Advocating change in policing
After the 1981 riots, an official public inquiry was taken by Lord Scarman with the results shown in the Scarman Report (Table 1). The Scarman report was a report commissioned by the government in the 20th century. Its aim was to identify the factors whether they were social, political or economic, which created violent protests (reference).It also reported that there were several examples of failure to train police effectively and a lack of representation of ethnic minorities in the police. However it failed to clearly identify that any form of racism within the police force existed. The home secretary, William Whitelaw, accepted the report but was completely ignored by the government at the time (reference). Therefore there were no government policies to directly tackle the racial disadvantage problem in the UK which was mentioned in the Scarman report. The report identified the rioters as a group of mentally stable people with genuine grievance due to social marginalisation in the community, the similar idea which was argued by Lea (2011). In 1984 Benyon assessed the report via several academics.
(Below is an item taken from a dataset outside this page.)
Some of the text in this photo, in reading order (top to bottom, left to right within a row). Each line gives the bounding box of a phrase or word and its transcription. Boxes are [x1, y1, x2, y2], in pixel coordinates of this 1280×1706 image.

The report allegedly did not discuss institutional racism to a great depth enough to evoke a change in policing and suggestions for improvements were ignored (Benyon, 1984). On the other hand, Benyon’s book came from a collection of different essays- some of which were aligned with the government hence they could be biased. Smith et al (2006) argues that the Scarman report heavily focused on community relations rather than race relations therefore explains why institutional racism was not dwelled upon enough for the government to acknowledge his proposals. Adding to this, Neal (2003) also states that policing issues, which were identified by the Scarman report, were not taken on board. In contrast to Neal, Francis (2011) argues that the Scarman report was suffice enough to bring about change because it set a standard base for vital changes in policing that needed to be carried out. Nonetheless, it failed to make an impact in this field because of its lack of influence (reference).
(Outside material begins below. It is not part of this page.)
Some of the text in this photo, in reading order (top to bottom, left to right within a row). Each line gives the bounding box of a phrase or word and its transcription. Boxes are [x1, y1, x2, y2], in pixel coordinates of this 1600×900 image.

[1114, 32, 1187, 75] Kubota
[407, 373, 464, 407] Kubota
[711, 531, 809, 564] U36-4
Category | Summary of Proposal | |
Discipline | Racial behaviour should not be tolerated and should be written in the official policing documents. Also any identified individuals going against this policy should be dismissed. | |
Supervision | Stop and searches should be monitored to identify any racist patterns within the police. | |
Training | Basic training should be extended to at least 6 months so that trainees receive the adequate training required to deal with a multi-cultural society and to handle situations more effectively without violence. | |
Law Reform | The Sus law should be abandoned and replaced with new legislation and random inspections should be carried out by independent officers. | |
Recruitment | The police serve a multi-cultural society therefore the police should also reflect as such. Therefore suggested to provide extra support to black applicants as they tended to be poorly educated and recruit them without lowering training standards. | |
Social Reform | Improvements to housing and leisure facilities to reduce crime. |
Table 1 Source:WordPress (change)
Back to the Stephen Lawrence case, the Macpherson report really highlighted the need for changes in policing in 1999; with great emphasis. It was this report that also labelled the police as institutionally racist after having very little progress on the murder investigation of Stephen Lawrence (Hall, 1999). Unlike the Scarman report, the Macpherson report made far more recommendations and proposals- a total of 70- in response to the failure of the British police to efficiently deal with the murder case (shown in table 2). The Macpherson report was very important in creating change in police-community relations at a formal level because made society more aware of institutional racism, specifically at the law enforcement level (Bowling & Phillips, 2002). One report published by the House of Commons in 2009 stated that almost all of Macpherson’s recommendations were enacted completely within 10 years of the report being published (House of Commons, 2009). Despite these proposed and implemented changes, a man who was associated with Macpherson, Doctor Richard Stone, argued that many police officers are still institutionally racists (Peachy, 2012). On the other hand, it was argued by Foster, et al (2005) that there were indeed changes in the police in terms of institutional racism but they were little. In fact they argued that institutional racism still existed within the police but unlike before; it was more discreet and not recorded due to corruption. Furthermore, Foster (2008) argued that some of the police felt individually attacked by the Macpherson report as being racist when in fact they were not therefore their attitude to work became careless. Although other academics such as Merrick, et al. (2012) argue that the British society has improved in terms of cohesiveness with racial minorities. This has been shown through the members of parliament. For example, more members of parliament are from ethnic minority groups. Although the focus of this paper will discuss if there has been a change in police-community relations, it’s important to also examine the reasons why attempts in the past failed.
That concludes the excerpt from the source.